- **Your task**: Repeat every record exactly as written, but leave out the pictures.

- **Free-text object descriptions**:
-*-

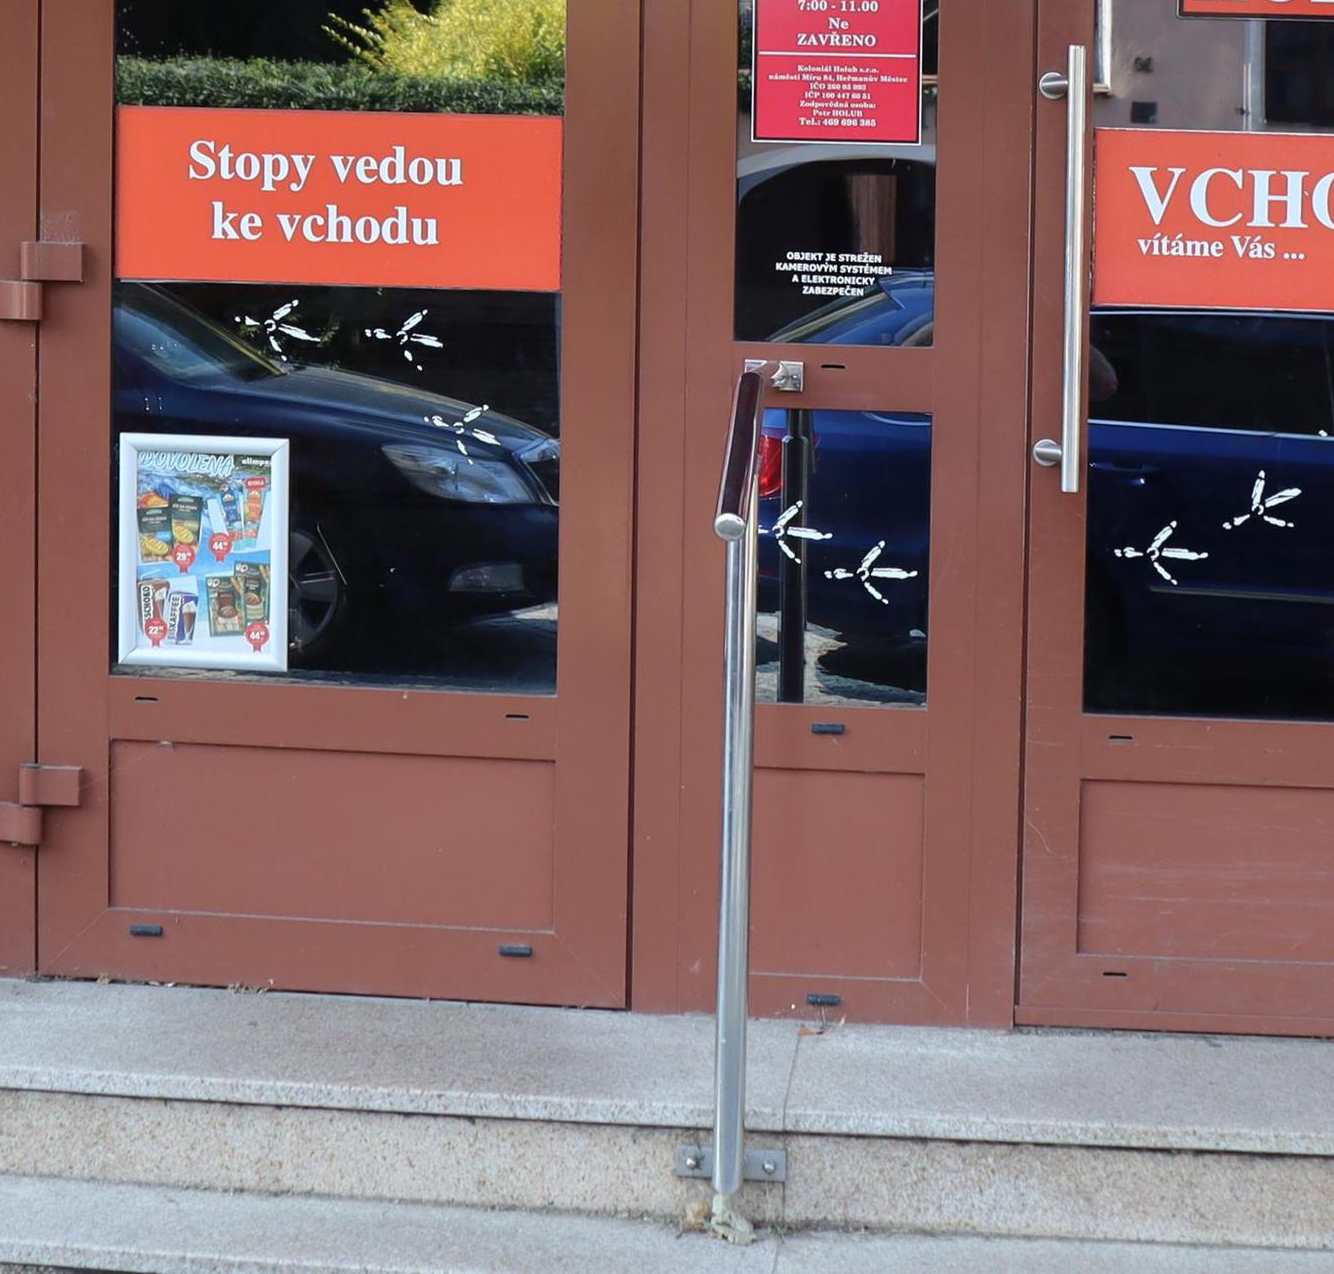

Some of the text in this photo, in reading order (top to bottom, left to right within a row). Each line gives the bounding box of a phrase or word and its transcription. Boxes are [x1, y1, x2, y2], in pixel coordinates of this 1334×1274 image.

[798, 0, 827, 11] 7:00
[841, 0, 878, 12] 11.00
[829, 18, 849, 29] Ne
[797, 31, 876, 46] ZAVŘENO
[188, 140, 463, 192] Stopy vedou
[211, 201, 440, 246] ke vchodu
[1137, 232, 1224, 258] vítáme
[1231, 234, 1276, 259] Vás
[787, 251, 824, 261] OBJEKT
[825, 253, 836, 261] JE
[776, 262, 892, 275] KAMEROVÝM SYSTÉMEM
[801, 275, 875, 285] ELEKTRONICKY
[803, 286, 864, 296] ZABEZPEČEN
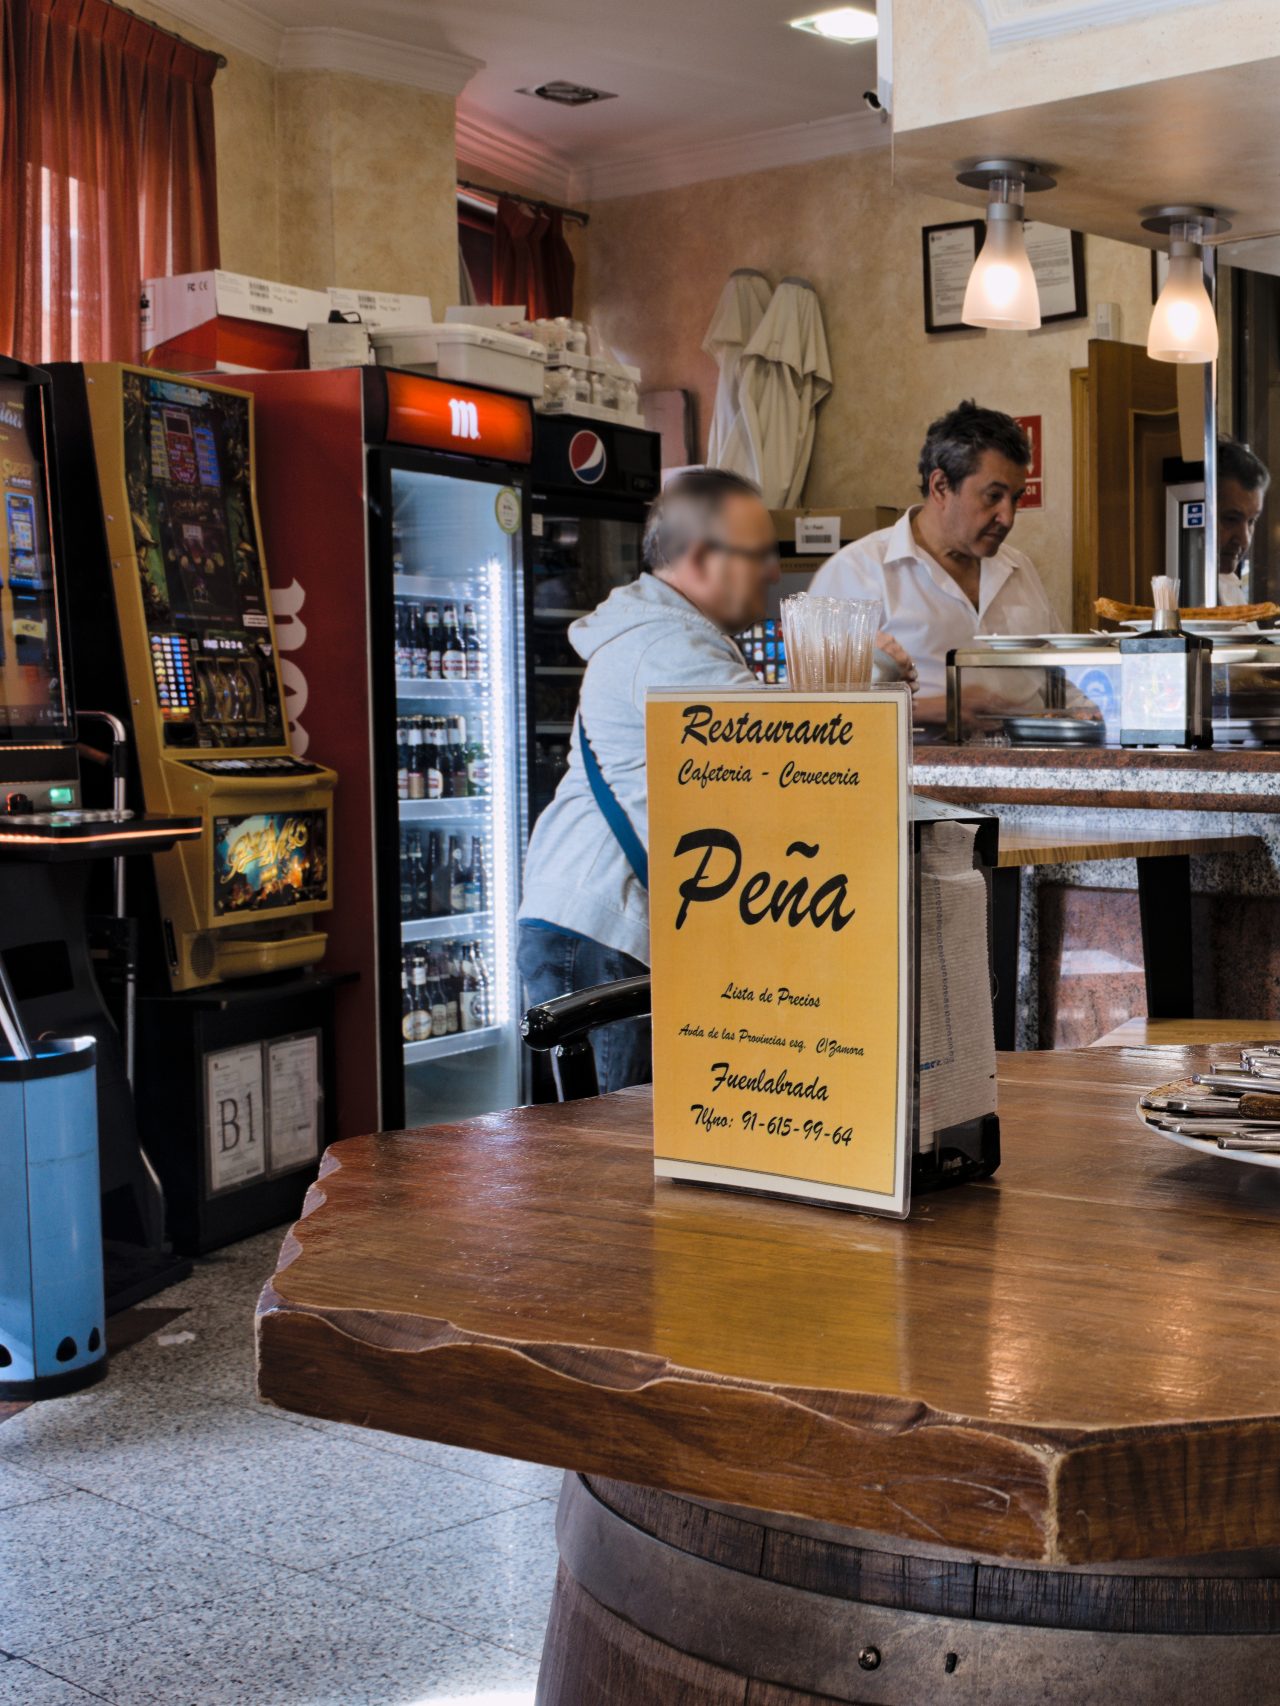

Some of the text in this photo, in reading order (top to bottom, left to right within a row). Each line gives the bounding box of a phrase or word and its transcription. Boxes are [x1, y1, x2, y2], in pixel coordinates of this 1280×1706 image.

[681, 704, 854, 746] Restaurante
[678, 758, 753, 789] Cafeteria
[778, 760, 860, 789] Cerveceria
[673, 827, 856, 933] Peña
[720, 982, 820, 1009] Lista de Precios
[678, 1023, 704, 1038] Avda
[707, 1028, 719, 1039] de
[721, 1028, 735, 1041] las
[739, 1029, 786, 1047] Provincias
[788, 1039, 806, 1053] esq.
[710, 1062, 829, 1102] Fuenlabrada
[690, 1103, 853, 1147] Tlfno: 91-615-99-64

-*-

- **Response**:
Some of the text in this photo, in reading order (top to bottom, left to right within a row). Each line gives the bounding box of a phrase or word and its transcription. Boxes are [x1, y1, x2, y2], in pixel coordinates of this 1334×1274 image.

[798, 0, 827, 11] 7:00
[841, 0, 878, 12] 11.00
[829, 18, 849, 29] Ne
[797, 31, 876, 46] ZAVŘENO
[188, 140, 463, 192] Stopy vedou
[211, 201, 440, 246] ke vchodu
[1137, 232, 1224, 258] vítáme
[1231, 234, 1276, 259] Vás
[787, 251, 824, 261] OBJEKT
[825, 253, 836, 261] JE
[776, 262, 892, 275] KAMEROVÝM SYSTÉMEM
[801, 275, 875, 285] ELEKTRONICKY
[803, 286, 864, 296] ZABEZPEČEN

Some of the text in this photo, in reading order (top to bottom, left to right within a row). Each line gives the bounding box of a phrase or word and its transcription. Boxes are [x1, y1, x2, y2], in pixel coordinates of this 1280×1706 image.

[681, 704, 854, 746] Restaurante
[678, 758, 753, 789] Cafeteria
[778, 760, 860, 789] Cerveceria
[673, 827, 856, 933] Peña
[720, 982, 820, 1009] Lista de Precios
[678, 1023, 704, 1038] Avda
[707, 1028, 719, 1039] de
[721, 1028, 735, 1041] las
[739, 1029, 786, 1047] Provincias
[788, 1039, 806, 1053] esq.
[710, 1062, 829, 1102] Fuenlabrada
[690, 1103, 853, 1147] Tlfno: 91-615-99-64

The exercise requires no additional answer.